CHAPTER TWENTY-TWO

MILES

ALL HAIL KING MORPHINE, OR whatever the injection was. After the doctor pokes the inside of Miles’s right arm, the pain in his ankle recedes. Leg grows longer and longer—carries his ankle away with it. Ten, twenty, fifty feet long—one amazing leg that stretches off the bed, down the hall, and through the door outside, where it disappears into the falling snow.

He’s suddenly warm all over. Warm from the inside out. Floaty.
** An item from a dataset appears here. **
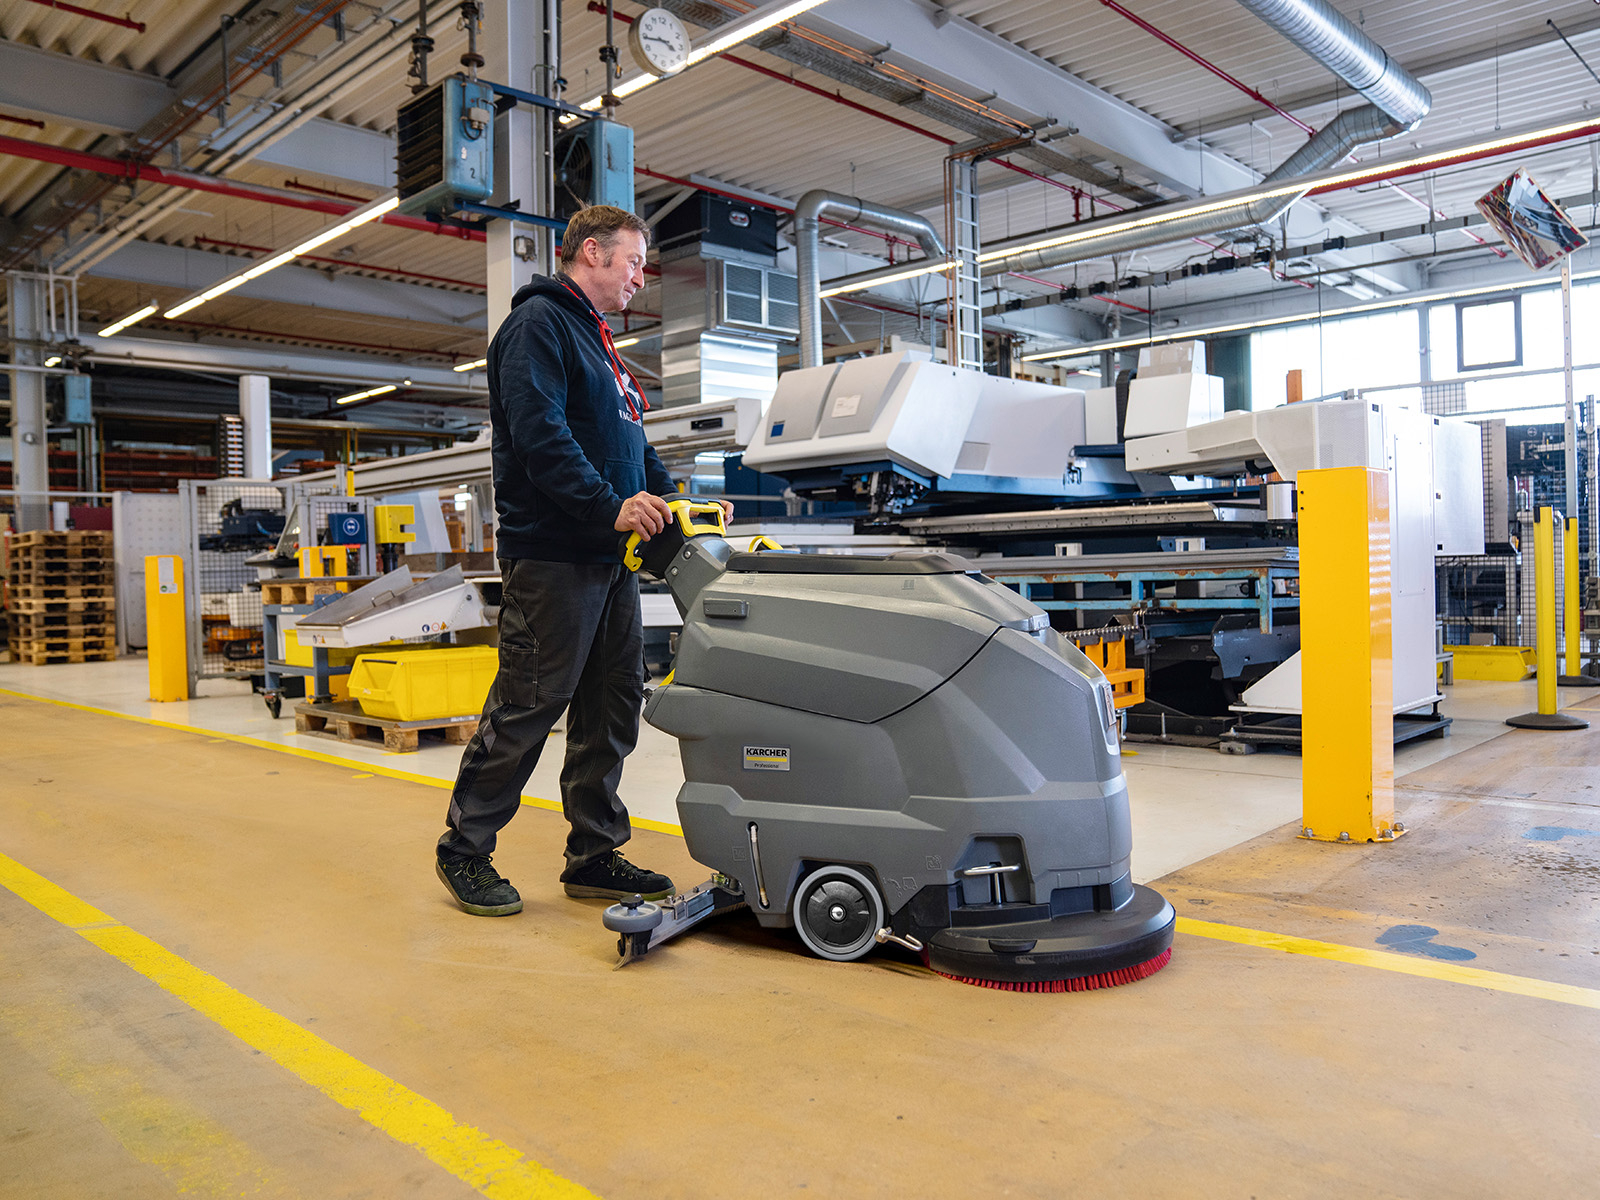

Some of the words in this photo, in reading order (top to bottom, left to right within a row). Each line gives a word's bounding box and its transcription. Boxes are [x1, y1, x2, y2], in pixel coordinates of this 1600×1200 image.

He hears snatches of songs, trippy psychedelic bands from the 1960s … great time to have been alive … annoyed that he missed it. But he’d be like, a hundred years old right now. No, not one hundred. More like … He can’t do the math. Concentrates, but he can’t make the numbers stay still. Can’t make them stay in columns that he can add and subtract. The numbers float around like lazy black flies—he grabs at them.
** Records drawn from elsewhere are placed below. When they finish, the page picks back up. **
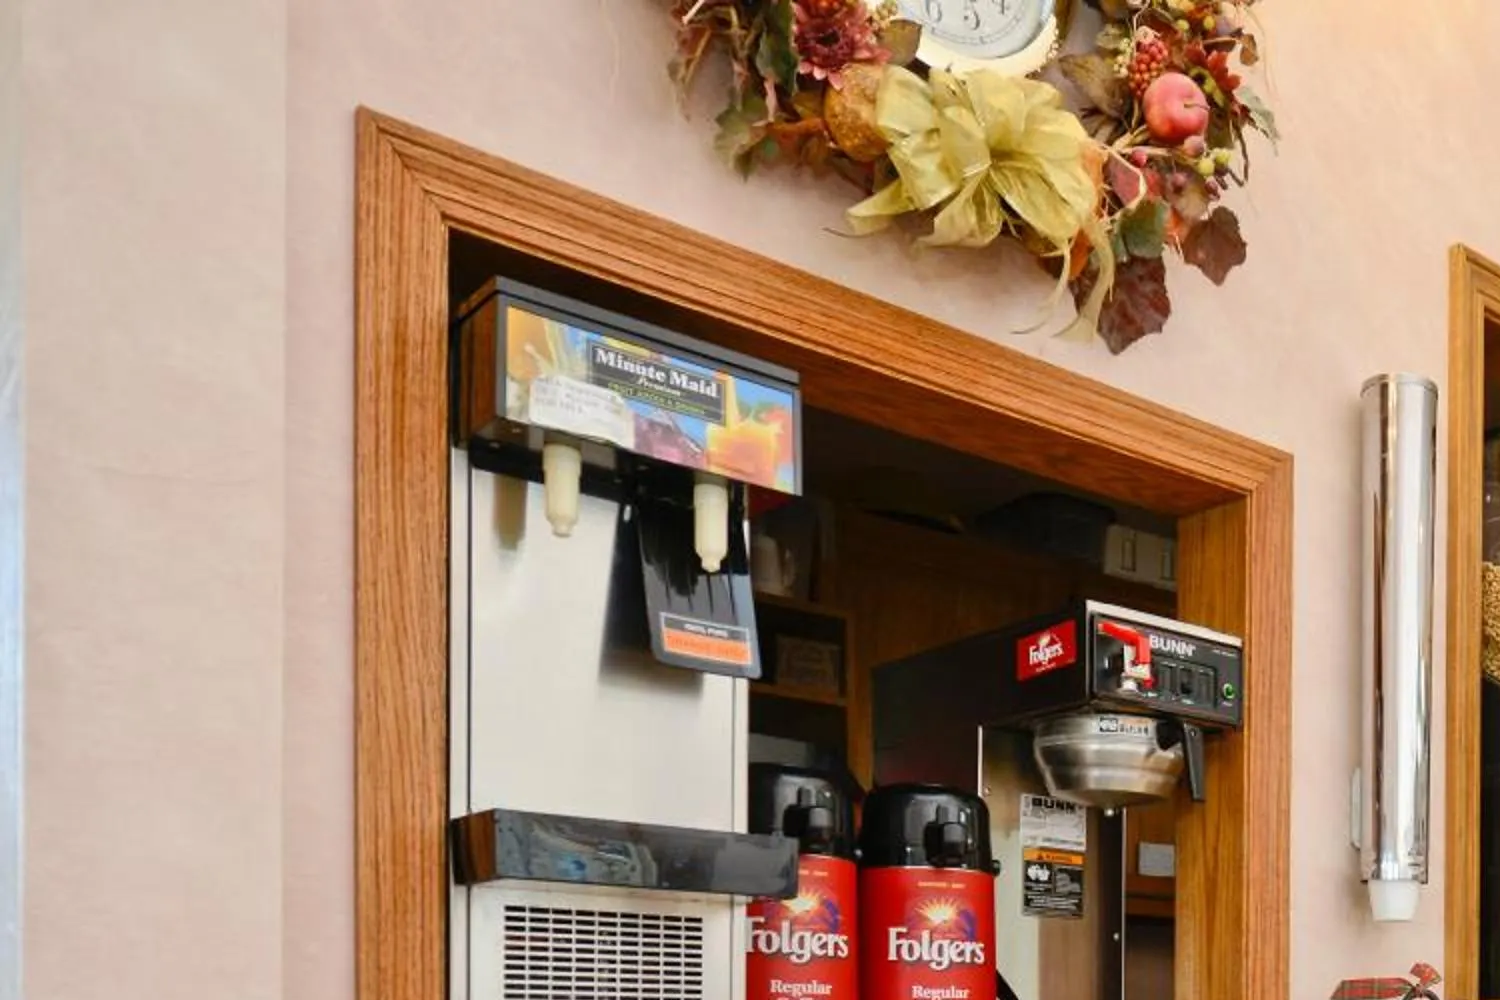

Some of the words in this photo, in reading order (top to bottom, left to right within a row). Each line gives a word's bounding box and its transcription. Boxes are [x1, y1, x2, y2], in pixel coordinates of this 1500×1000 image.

[595, 348, 666, 383] Minute
[669, 370, 719, 397] Maid
[1029, 642, 1064, 665] Folgers
[1149, 634, 1193, 656] BUNN
[746, 916, 849, 964] Folgers
[888, 927, 985, 971] Folgers
[770, 979, 832, 997] Regular
“Try to stay still,” a woman’s voice says; her hands press his arms back down to the blankets.

“Headache,” he mumbles.

“I would think,” she says. “You cracked your helmet. You need to buy a better one next time.”

“Where am I?” Miles asks.

“The hospital. You had a snowmobile crash.”

He squints from side to side. Something about the room—maybe it’s the smell—reminds him of Mr. Kurz’s little room at Buena Vista Convalescent Home. The nurse leans over him and shines a penlight in his eyes. “Can you follow the little light for me one more time?”

“Sure,” Miles says, as if it’s no big deal; but it takes all his energy to keep up with the slowly moving light. So easy to lose interest. Think of other things. He tries to focus and jerks his eyeballs back to the light.

“Concussed for sure,” the nurse murmurs to someone else.

“Let’s get some more X-rays,” a man’s voice says.

Miles can’t see much of anything after the light beam clicks off; he closes his eyes. Floats in the warm bath of the painkiller. He can smell himself—he’s overheated and suddenly wringing wet under the blanket. The same odor as Mr. Kurz’s overly warm room at Buena Vista: old wool, sweat, woodsmoke.

“Hi again,” a cheerful voice says above Miles, and the spotlight shines in his eyes. “Could you tell me your name and date of birth?”

He shakes his head to clear it, but the fog doesn’t go away. He works his lips to bring up the right words. “Name and birthday?”

“Yes.”

“Miles Kurz. February 29, 1920.”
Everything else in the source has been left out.